I just tested an USB X-Fi Surround 5.1 Pro and it was very difficult to work with in terms of recording and mixer. I don’t think it has an on-board mixer as Alsa does not show any mixer options. I tested this option because it was difficult finding low-profile cards for our small computers. At this point, I’m willing to buy a bigger case for the motherboard so we aren’t restricted to low-profile sound cards.

The Audacity website has a page of known-to-work sound cards but I can’t find such a page on the Ardour site.

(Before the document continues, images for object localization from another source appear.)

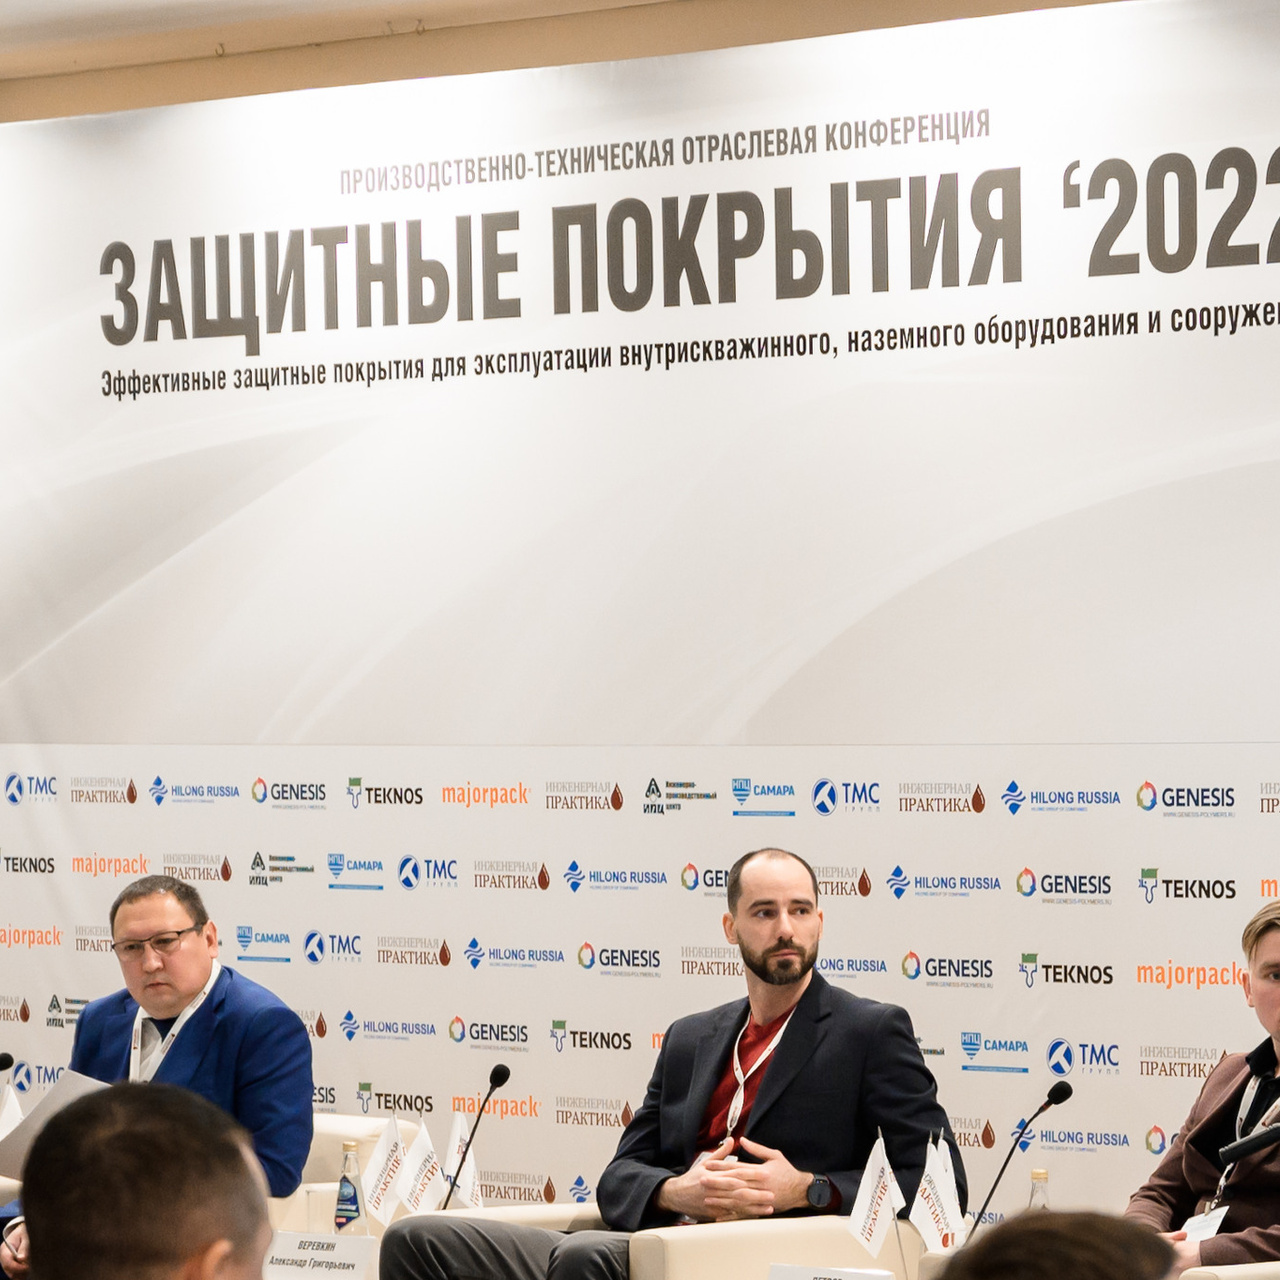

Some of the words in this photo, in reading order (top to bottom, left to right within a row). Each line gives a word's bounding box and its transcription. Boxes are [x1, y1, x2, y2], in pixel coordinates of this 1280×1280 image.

[340, 137, 675, 195] ПРОИЗВОДСТВЕННО-ТЕХНИЧЕСКАЯ
[681, 124, 817, 165] ОТРАСЛЕВАЯ
[825, 107, 990, 152] КОНФЕРЕНЦИЯ
[99, 209, 522, 357] ЗАЩИТНЫЕ
[551, 165, 1023, 315] ПОКРЫТИЯ
[101, 369, 227, 402] Эффективные
[233, 363, 327, 391] защитные
[333, 357, 425, 388] покрытия
[431, 354, 467, 382] для
[473, 345, 613, 379] эксплуатации
[619, 330, 840, 371] внутрискважинного,
[847, 322, 966, 354] наземного
[973, 310, 1140, 350] оборудования
[1147, 312, 1162, 334] и
[171, 785, 204, 797] HILONG
[206, 786, 240, 798] RUSSIA
[270, 783, 326, 800] GENESIS
[546, 781, 611, 793] ИНЖЕНЕРНАЯ
[732, 779, 750, 790] НПЦ
[754, 785, 795, 796] САМАРА
[898, 782, 972, 794] ИНЖЕНЕРНАЯ
[70, 790, 127, 803] ПРАКТИКА
[365, 787, 423, 805] TEKNOS
[442, 780, 528, 809] majorpack
[1030, 791, 1074, 804] HILONG
[1077, 792, 1121, 804] RUSSIA
[1162, 787, 1235, 808] GENESIS
[546, 795, 611, 810] ПРАКТИКА
[643, 804, 665, 816] ИПЦ
[899, 798, 972, 812] ПРАКТИКА
[4, 856, 55, 874] TEKNOS
[72, 852, 148, 878] majorpack
[162, 854, 220, 865] ИНЖЕНЕРНАЯ
[328, 854, 344, 864] НПЦ
[346, 860, 384, 872] САМАРА
[474, 860, 538, 872] ИНЖЕНЕРНАЯ
[163, 866, 220, 880] ПРАКТИКА
[589, 870, 627, 883] HILONG
[630, 871, 668, 884] RUSSIA
[814, 866, 858, 880] ЕНЕРНАЯ
[249, 876, 268, 886] ИПЦ
[474, 874, 538, 890] ПРАКТИКА
[817, 881, 858, 896] КТИКА
[914, 876, 956, 889] HILONG
[960, 876, 1002, 890] RUSSIA
[1041, 874, 1112, 894] GENESIS
[1162, 878, 1236, 900] TEKNOS
[0, 924, 62, 949] ajorpack
[75, 926, 111, 938] ИНЖЕНЕ
[236, 926, 252, 937] НПЦ
[254, 932, 290, 944] САМАРА
[76, 938, 114, 952] ПРАКТ
[377, 936, 439, 949] ИНЖЕНЕРНАЯ
[377, 950, 439, 966] ПРАКТИКА
[488, 948, 526, 961] HILONG
[528, 950, 564, 962] RUSSIA
[599, 948, 660, 968] GENESIS
[681, 946, 741, 960] ИНЖЕНЕРНА
[815, 958, 844, 972] LONG
[847, 959, 887, 972] RUSSIA
[925, 958, 992, 978] GENESIS
[1042, 964, 1114, 984] TEKNOS
[1136, 960, 1243, 990] majorpack
[363, 1020, 399, 1034] HILONG
[401, 1022, 436, 1035] RUSSIA
[470, 1022, 528, 1042] GENESIS
[570, 1030, 632, 1050] TEKNOS
[962, 1032, 980, 1044] НПЦ
[984, 1040, 1028, 1052] САМАРА
[1140, 1046, 1217, 1060] ИНЖЕНЕРНАЯ
[1140, 1060, 1216, 1078] ПРАКТИКА
[312, 1086, 336, 1104] ESIS
[374, 1092, 434, 1112] TEKNOS
[452, 1092, 539, 1120] majorpack
[556, 1096, 621, 1110] ИНЖЕНЕРНАЯ
[556, 1110, 621, 1128] ПРАКТИКА
[1040, 1130, 1084, 1144] HILONG
[1086, 1132, 1130, 1147] RUSSIA
[372, 1154, 402, 1211] ПРАКТИК
[480, 1170, 544, 1185] ИНЖЕНЕРНАЯ
[412, 1161, 440, 1212] ПРАКТИ
[480, 1184, 543, 1202] ПРАКТИКА
[923, 1171, 950, 1230] НЖЕНЕРНАЯ
[864, 1180, 889, 1243] ПРАКТИК
[917, 1182, 944, 1238] АКТИКА
[969, 1210, 1005, 1224] USSIA
[298, 1240, 336, 1252] ВЕРЕВКИН
[268, 1256, 308, 1268] Александр

@dmonty: all devices supported by ALSA will work with Ardour, along with all devices supported by FFADO. Our specific recommendations are here: http://ardour.org/realfaq#audioio and the ALSA support matrix is here: http://alsa-project.org/main/index.php/Matrix:Main Information about FFADO support is on the FFADO website at http://ffado.org/

We cannot provide a larger standing list of recommendations because people’s needs vary so much. Audacity can’t really do very much with a 26 or 56 channel audio interface, whereas Ardour can. Audacity also doesn’t work very well with JACK, which makes most FFADO supported devices off-limits to it. But if any of the Audacity-recommended devices seem appealing, they will work with Ardour also (or more precisely, they will work with JACK, because Ardour doesn’t care).

@dmonty: I will be a high school physics teacher soon. I’m curious about what you’re doing.

Budget audio gear is a bit of a minefield. A lot of it will have disappointing audio quality.

M-Audio 2496 are decent little (PCI) cards which work very well in linux and can be picked on ebay up for peanuts. No pres but the M-Audio DMP3 is quite a good budget pre-amp.